Aborto: ¿quién tiene mejor derecho?

Por Anthony Sampayo Molina *

Con la expedición de la Ley 599 del 2000, a través de la cual se creó nuestro actual Código Penal, se tipificó el aborto como delito sancionado con prisión de uno a tres años. En la descripción de la conducta, se contemplaba como autores a la mujer que se lo practicara o permitiera que otro se lo causara, al igual que a la persona que, con el consentimiento de la mujer, lo llevara a cabo. La normatividad para la época contemplaba un atenuante punitivo equivalente a una disminución de las tres cuartas partes de la pena cuando el embarazo hubiese sido resultado de una violación o producto de una inseminación artificial no consentida.

El reciente caso de un aborto practicado a una mujer de 22 años en Popayán, que ya contaba con siete meses de gestación, reavivó una polémica que nunca ha desaparecido del todo, pero que justamente surge en un momento donde se está a la espera de un pronunciamiento de la Corte Constitucional sobre el tema.

La norma original contenida en el Código Penal fue sometida en el año 2006 a un estudio de constitucionalidad, y fue justamente esta misma corte la que al hacer un análisis de la conducta tipificada concluyó que penalizar de manera absoluta el aborto tal como lo contemplaba el artículo 122 del código resultaba contrario a la Constitución.

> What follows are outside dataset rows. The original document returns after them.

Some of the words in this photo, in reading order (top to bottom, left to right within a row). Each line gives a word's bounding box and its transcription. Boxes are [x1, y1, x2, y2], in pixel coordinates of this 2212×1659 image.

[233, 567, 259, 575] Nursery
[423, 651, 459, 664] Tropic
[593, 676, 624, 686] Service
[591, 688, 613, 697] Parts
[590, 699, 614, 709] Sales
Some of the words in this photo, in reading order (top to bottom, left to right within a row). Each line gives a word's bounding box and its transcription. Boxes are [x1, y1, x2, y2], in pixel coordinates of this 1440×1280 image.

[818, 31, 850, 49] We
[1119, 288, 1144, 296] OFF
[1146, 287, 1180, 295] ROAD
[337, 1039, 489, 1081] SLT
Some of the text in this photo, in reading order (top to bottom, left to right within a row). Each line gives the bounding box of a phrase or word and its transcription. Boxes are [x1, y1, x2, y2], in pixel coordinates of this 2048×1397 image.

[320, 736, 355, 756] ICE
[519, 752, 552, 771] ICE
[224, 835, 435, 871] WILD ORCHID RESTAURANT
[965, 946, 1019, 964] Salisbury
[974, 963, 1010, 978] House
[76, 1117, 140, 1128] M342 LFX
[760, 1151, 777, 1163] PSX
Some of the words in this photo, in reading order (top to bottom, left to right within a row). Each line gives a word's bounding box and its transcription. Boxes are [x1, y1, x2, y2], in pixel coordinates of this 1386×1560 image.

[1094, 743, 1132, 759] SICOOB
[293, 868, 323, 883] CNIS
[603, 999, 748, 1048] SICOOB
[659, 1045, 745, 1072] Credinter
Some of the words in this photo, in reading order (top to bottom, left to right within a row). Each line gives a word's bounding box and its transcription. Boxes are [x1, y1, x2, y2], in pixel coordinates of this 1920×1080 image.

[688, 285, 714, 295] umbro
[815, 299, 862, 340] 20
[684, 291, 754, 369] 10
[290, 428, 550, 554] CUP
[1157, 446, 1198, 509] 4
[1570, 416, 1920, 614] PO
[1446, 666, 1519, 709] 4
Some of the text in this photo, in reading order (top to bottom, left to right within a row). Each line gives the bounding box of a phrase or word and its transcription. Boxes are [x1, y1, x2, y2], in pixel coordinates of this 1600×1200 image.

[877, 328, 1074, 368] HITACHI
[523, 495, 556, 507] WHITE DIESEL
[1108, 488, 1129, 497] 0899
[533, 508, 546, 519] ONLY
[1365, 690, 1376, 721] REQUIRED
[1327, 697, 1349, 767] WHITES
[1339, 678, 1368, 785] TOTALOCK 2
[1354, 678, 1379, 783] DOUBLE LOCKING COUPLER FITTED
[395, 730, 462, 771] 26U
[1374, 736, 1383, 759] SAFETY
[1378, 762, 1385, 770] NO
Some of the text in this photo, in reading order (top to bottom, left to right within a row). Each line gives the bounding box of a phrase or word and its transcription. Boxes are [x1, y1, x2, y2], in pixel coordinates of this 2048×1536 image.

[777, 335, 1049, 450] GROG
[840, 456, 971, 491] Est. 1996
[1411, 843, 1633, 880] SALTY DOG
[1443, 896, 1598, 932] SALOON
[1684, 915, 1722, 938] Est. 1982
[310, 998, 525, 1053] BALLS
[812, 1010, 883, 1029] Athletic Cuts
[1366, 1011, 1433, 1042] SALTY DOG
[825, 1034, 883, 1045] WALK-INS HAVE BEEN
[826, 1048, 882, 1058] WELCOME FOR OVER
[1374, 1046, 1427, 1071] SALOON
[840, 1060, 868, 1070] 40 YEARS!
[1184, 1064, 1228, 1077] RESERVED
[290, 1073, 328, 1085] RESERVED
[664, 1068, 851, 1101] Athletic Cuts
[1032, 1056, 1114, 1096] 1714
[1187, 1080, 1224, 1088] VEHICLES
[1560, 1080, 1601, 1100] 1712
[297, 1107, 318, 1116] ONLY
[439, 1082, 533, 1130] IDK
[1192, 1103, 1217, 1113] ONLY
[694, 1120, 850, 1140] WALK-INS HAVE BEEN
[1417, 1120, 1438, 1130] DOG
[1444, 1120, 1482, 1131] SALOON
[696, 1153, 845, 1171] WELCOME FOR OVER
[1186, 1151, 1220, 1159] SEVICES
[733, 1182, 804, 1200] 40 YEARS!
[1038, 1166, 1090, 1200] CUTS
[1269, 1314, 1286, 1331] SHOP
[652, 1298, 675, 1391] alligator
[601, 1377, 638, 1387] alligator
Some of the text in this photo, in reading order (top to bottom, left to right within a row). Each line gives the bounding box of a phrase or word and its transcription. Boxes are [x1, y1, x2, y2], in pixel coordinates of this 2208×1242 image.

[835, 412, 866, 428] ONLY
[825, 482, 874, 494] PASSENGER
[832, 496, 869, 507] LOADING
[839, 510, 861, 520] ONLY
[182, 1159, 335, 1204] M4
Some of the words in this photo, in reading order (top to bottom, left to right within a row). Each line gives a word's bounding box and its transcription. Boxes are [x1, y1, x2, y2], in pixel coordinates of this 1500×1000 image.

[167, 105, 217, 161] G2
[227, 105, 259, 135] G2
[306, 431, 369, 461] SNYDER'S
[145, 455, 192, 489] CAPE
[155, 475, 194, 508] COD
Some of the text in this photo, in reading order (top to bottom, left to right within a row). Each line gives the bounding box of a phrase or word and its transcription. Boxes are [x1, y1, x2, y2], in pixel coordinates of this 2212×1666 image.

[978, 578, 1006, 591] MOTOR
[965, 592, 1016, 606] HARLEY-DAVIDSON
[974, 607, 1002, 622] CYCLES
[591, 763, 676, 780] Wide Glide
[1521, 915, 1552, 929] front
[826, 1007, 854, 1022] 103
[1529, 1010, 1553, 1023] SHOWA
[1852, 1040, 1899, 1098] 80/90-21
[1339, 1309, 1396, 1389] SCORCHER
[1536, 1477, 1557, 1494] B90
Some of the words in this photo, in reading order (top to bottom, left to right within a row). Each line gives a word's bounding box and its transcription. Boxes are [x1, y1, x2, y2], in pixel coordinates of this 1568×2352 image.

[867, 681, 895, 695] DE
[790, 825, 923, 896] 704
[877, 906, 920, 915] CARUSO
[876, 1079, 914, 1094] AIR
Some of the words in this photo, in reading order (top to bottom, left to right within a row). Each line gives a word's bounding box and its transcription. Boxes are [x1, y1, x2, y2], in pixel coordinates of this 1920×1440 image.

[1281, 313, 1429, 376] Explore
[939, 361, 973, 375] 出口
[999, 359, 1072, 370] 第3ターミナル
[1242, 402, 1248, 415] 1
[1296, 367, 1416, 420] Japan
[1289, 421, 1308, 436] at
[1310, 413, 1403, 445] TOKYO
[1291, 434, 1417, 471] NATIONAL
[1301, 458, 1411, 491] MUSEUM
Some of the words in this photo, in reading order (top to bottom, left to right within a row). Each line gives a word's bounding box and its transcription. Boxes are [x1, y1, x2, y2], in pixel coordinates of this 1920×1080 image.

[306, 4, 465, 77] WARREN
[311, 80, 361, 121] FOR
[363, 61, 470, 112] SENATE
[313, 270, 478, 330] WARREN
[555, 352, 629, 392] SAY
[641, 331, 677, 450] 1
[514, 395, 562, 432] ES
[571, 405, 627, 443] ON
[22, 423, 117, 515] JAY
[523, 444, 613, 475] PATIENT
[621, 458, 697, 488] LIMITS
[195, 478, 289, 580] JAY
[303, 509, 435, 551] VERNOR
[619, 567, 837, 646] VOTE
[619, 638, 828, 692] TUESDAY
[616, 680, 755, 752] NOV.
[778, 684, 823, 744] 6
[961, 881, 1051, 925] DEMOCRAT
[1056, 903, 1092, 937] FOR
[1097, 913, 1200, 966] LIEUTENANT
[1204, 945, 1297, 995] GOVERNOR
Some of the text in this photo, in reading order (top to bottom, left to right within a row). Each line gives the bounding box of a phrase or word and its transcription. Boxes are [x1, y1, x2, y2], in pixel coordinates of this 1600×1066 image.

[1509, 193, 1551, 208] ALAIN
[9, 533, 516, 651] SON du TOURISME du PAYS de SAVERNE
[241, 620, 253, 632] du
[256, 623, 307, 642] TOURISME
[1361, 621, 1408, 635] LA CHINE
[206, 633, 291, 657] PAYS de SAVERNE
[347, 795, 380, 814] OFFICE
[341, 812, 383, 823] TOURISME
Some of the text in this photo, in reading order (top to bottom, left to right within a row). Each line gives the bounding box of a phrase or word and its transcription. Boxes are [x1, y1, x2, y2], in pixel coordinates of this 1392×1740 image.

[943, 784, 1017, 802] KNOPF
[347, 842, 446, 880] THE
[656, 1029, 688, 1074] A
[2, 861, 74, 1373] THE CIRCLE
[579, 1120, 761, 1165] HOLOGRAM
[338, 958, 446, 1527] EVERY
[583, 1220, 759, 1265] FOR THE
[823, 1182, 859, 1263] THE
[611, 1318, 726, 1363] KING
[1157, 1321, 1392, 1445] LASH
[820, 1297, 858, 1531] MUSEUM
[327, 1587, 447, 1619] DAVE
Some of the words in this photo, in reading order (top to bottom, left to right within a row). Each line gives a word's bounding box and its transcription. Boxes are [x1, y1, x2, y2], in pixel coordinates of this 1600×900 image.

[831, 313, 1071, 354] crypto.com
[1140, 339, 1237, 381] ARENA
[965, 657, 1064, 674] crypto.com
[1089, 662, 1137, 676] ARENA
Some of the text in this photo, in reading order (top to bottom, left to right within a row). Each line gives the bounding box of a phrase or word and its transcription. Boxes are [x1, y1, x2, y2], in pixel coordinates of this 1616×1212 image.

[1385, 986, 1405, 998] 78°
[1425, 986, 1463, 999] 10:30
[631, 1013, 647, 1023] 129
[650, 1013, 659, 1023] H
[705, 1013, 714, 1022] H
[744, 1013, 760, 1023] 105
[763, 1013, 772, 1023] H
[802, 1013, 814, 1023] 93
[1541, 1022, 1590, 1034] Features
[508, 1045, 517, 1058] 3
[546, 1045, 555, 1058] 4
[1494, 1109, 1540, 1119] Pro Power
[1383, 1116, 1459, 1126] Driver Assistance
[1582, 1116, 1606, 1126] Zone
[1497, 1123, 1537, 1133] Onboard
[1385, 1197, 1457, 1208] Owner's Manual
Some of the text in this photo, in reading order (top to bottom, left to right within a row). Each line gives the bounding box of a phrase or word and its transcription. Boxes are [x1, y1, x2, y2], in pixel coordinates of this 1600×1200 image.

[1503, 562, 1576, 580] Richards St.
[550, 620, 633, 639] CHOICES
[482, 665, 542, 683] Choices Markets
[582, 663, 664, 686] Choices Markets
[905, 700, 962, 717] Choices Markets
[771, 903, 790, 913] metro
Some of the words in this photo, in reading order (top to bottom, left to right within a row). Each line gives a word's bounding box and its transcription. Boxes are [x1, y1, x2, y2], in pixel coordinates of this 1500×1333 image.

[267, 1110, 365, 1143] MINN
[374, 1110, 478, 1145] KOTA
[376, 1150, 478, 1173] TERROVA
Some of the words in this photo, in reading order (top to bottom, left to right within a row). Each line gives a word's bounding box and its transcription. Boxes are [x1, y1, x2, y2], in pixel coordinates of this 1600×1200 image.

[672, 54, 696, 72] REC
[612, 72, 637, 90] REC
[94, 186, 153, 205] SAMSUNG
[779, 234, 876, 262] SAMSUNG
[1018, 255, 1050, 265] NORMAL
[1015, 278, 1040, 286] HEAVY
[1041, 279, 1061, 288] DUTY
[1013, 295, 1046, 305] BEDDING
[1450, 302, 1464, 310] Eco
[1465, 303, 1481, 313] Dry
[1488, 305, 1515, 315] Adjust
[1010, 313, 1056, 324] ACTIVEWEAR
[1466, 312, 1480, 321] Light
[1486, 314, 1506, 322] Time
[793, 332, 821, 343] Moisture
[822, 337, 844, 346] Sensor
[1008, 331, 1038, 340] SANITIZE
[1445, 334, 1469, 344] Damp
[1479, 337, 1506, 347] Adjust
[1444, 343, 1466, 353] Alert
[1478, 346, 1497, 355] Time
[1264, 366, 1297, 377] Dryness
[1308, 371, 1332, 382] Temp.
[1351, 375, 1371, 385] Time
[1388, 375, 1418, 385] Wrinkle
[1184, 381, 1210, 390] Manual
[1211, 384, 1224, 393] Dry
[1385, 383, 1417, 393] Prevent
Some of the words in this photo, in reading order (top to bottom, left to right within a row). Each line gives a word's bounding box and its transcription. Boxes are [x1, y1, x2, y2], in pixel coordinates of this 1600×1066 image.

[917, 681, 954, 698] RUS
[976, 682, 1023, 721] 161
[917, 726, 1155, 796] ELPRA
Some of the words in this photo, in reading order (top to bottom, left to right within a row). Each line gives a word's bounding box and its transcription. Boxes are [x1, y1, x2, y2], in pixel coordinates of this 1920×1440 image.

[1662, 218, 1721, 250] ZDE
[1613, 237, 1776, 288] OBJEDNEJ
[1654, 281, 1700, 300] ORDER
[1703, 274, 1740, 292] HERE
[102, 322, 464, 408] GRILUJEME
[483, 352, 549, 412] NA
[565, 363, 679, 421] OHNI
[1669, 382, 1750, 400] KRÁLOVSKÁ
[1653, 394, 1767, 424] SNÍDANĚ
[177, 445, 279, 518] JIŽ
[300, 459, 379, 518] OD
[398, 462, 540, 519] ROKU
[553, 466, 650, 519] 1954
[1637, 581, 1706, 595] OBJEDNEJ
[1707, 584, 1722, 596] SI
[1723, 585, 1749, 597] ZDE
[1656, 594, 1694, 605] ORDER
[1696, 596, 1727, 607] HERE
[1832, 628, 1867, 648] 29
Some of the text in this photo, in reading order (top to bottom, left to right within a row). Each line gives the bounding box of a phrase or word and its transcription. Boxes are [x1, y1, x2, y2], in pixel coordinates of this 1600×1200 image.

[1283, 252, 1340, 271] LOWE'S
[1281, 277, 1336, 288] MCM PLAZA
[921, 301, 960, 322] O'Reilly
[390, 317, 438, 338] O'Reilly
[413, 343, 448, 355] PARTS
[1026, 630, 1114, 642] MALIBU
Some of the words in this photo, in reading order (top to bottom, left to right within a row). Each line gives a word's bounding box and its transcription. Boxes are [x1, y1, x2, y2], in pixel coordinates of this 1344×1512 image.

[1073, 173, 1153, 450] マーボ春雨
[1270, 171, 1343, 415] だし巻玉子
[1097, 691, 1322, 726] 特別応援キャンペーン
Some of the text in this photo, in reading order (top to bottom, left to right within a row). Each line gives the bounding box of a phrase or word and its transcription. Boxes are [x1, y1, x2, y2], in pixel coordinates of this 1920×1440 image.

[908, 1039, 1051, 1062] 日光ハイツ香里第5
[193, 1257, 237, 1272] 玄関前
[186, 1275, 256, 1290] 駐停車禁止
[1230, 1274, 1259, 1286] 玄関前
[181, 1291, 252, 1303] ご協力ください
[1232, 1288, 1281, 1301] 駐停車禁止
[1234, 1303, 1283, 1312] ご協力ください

De forma atinada consideró la Corte Constitucional que existen ciertas circunstancias en las que optar por abortar resultaba admisible y que, por el contrario, una prohibición absoluta atentaba contra derechos fundamentales principalmente de la mujer. Justamente, en la actualidad, la interrupción voluntaria del embarazo, en el marco de las tres circunstancias concebidas por la Corte, es considerada un derecho fundamental, y en ese orden el Estado tiene la obligación de garantizar el ejercicio de ese derecho de manera eficaz.

Lo sucedido en la ciudad de Popayán expuso ciertos vacíos que desde el ejercicio y la academia eran advertidos de tiempo atrás y se solicitaba su atención. Uno de ellos, como el caso concreto dejó en evidencia, es el tiempo de gestación en que resultaba procedente acudir a la interrupción del embarazo. Tal como está actualmente la norma y se halla contemplado en la sentencia, dicho tiempo es indeterminado, lo cual permite acudir al procedimiento en cualquiera de las etapas de gestación, incluso ad portas del nacimiento.

De una lectura de la sentencia y particularmente de las tres circunstancias en las que se concibió procedente la Interrupción Voluntaria del Embarazo -IVE, se entiende que estas surgen de una ponderación de los derechos de la mujer con los del nasciturus, y de dicha ponderación resulta viable darle preponderancia a los derechos de la mujer sobre la vida en gestación. Las tres circunstancias específicas que estableció la Corte fueron: I: cuando el embarazo sea fruto de violación, de inseminación artificial no consentida o incesto. II: cuando la continuación del embarazo constituye un peligro para la vida o salud de la mujer. Y III: cuando existe grave malformación del feto que haga inviable su vida.   

Como vemos, son circunstancias en donde están en conflicto derechos casi que equivalentes en importancia, en dos sujetos de especial protección. Luego, una despenalización total del aborto significaría otorgar una preponderancia absoluta en los derechos de una de las partes sin consideración alguna de la otra, justamente el fundamento determinante que llevó a la Corte a declarar la inconstitucionalidad de la prohibición absoluta. Así se refirió la Corte en su sentencia: “…la penalización del aborto en todas las circunstancias implica la completa preeminencia de uno de los bienes jurídicos en juego, la vida del nasciturus, y el consiguiente sacrificio absoluto de todos los derechos fundamentales de la mujer embarazada, lo que sin duda resulta a todas luces inconstitucional”.

Basándonos en el criterio y en los derroteros expuestos por la propia Corte Constitucional, podemos entender que una libertad absoluta para acudir a la interrupción del embarazo significaría dejar desprotegido derechos fundamentales de una parte que por naturaleza se encuentra en una total desventaja y vulnerabilidad frente a otra que tiene plena conciencia y libertad.

Las circunstancias que rodearon lo sucedido recientemente en Popayán es una advertencia para que, de forma urgente, se entre a regular de manera clara la materia. Un aborto como el citado, que resulta aparentemente encuadrable dentro de las hipótesis contempladas por la Corte, evidencia que existen múltiples aspectos que aún no se han llegado a considerar y que requieren ser estudiados. Pero, en todo caso, entrar a establecer una legalización absoluta resultaría inconstitucional y por lo tanto legalmente inadmisible en el contexto que es abordado en nuestro país.